Examples of security breaches recently making headlines could leave businesses feeling powerless trying to secure data in the information age. In the well-publicized Wikileaks case, confidential Department of Defense files were compromised by one or several inside sources. In another case, Kinetic Concepts Inc. notified authorities that a call center employee had used customer payment data to make personal purchases. The cases are very different, yet both involved the intentional leak or misuse of data by a rogue employee. This presents a challenge to the many businesses that require use of personal information for legitimate purposes. Businesses have a responsibility to create policies and procedures to protect all personal information, yet seemingly little can be done to stop an inside source gone rogue.

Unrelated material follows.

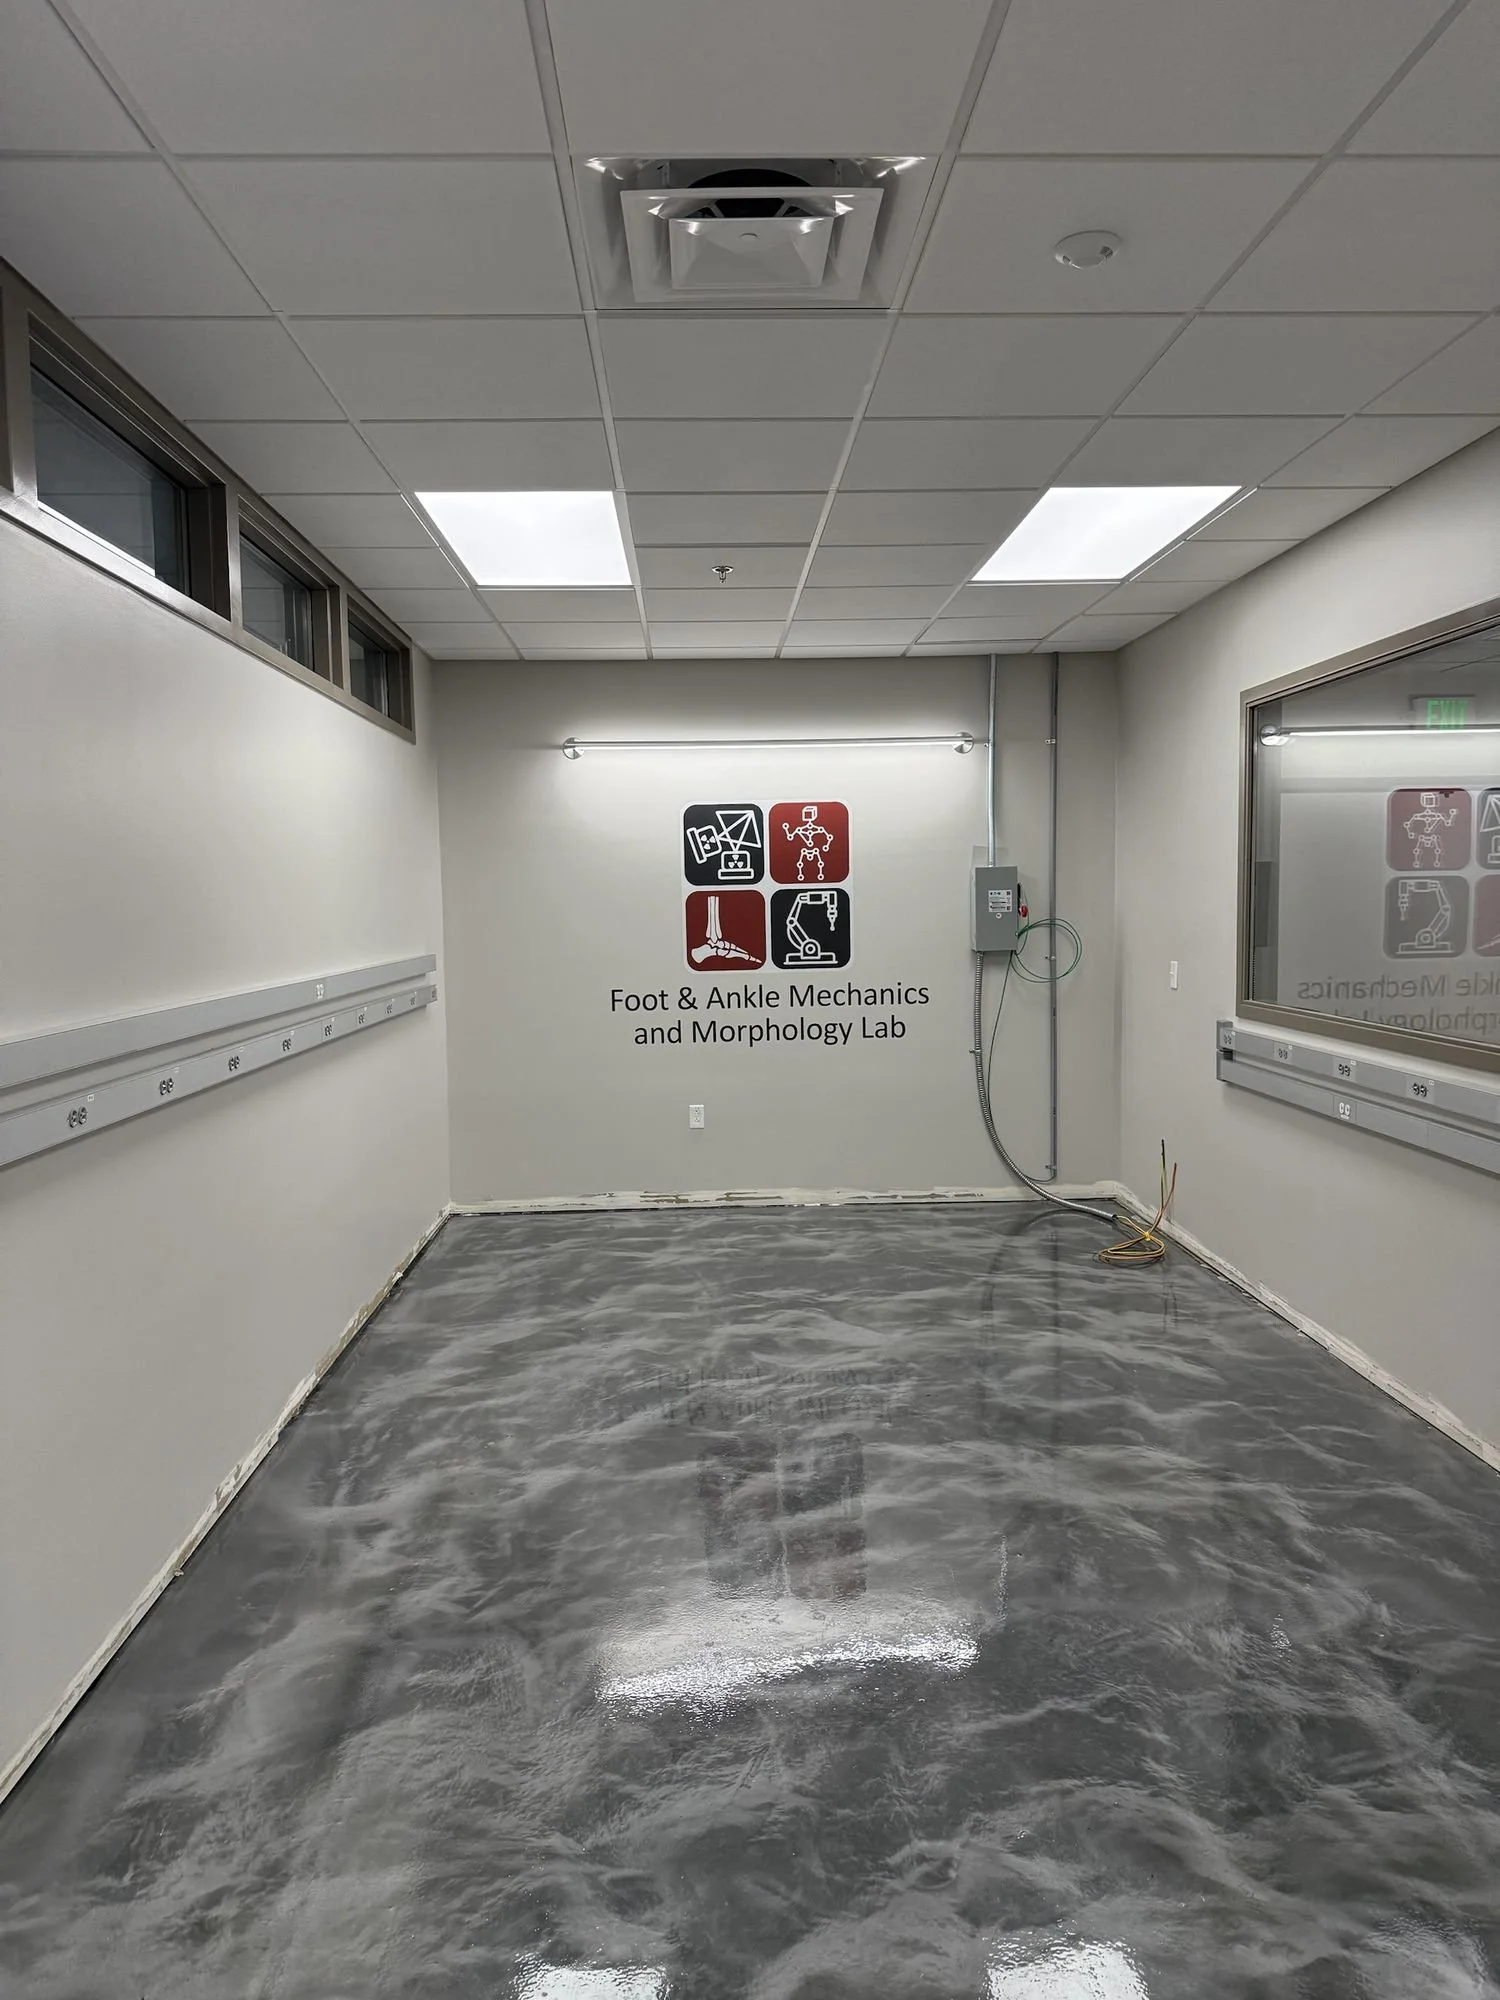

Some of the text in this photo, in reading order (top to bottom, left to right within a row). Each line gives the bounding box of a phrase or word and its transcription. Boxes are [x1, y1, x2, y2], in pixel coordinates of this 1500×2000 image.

There are some ways, however, that a business can specifically minimize this risk, as part of an overall security program. Employee risk must be analyzed and controlled. Individual employees should only be granted access to personal information that is required for them to complete their duties. Your system administrator and your receptionist shouldn’t be given the same level of access. Make sure your policies and disciplinary actions are well-documented and recorded, so that your employees are fully aware of them. And in the case that one of your employees needs to be cut loose, make sure you promptly terminate their system access.

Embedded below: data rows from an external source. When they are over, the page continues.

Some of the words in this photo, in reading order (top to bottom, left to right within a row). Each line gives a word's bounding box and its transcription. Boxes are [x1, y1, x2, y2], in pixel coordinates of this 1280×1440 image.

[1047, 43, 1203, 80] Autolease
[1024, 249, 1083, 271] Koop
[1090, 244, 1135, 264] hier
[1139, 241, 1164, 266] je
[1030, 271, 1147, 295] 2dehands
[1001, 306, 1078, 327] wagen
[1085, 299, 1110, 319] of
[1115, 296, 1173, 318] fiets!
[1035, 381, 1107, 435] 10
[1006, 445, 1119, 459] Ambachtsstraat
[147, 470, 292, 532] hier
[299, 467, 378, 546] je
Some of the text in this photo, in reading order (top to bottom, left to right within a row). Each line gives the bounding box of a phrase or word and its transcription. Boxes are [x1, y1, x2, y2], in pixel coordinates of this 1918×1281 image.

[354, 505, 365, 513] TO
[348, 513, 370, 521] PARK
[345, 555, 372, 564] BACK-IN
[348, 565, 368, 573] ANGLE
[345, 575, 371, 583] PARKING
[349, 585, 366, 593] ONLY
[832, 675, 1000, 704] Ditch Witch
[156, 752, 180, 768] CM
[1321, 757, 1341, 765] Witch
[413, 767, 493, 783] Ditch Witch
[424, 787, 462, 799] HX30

If you store the personal data of a Massachusetts resident, you must be aware of the Massachusetts data security regulations. Under 201 CMR 17, you are required to create a Written Information Security Program (WISP) and train your employees on your security practices. In the case of a breach, you need to be prepared to prove that all employees have received and read the WISP. And finally, if a breach does occur, don’t wait and don’t hide it! Follow recommended procedures to notify the affected consumers and the proper authorities, maximizing their ability to respond, ensuring your compliance and minimizing the risk of additional fines.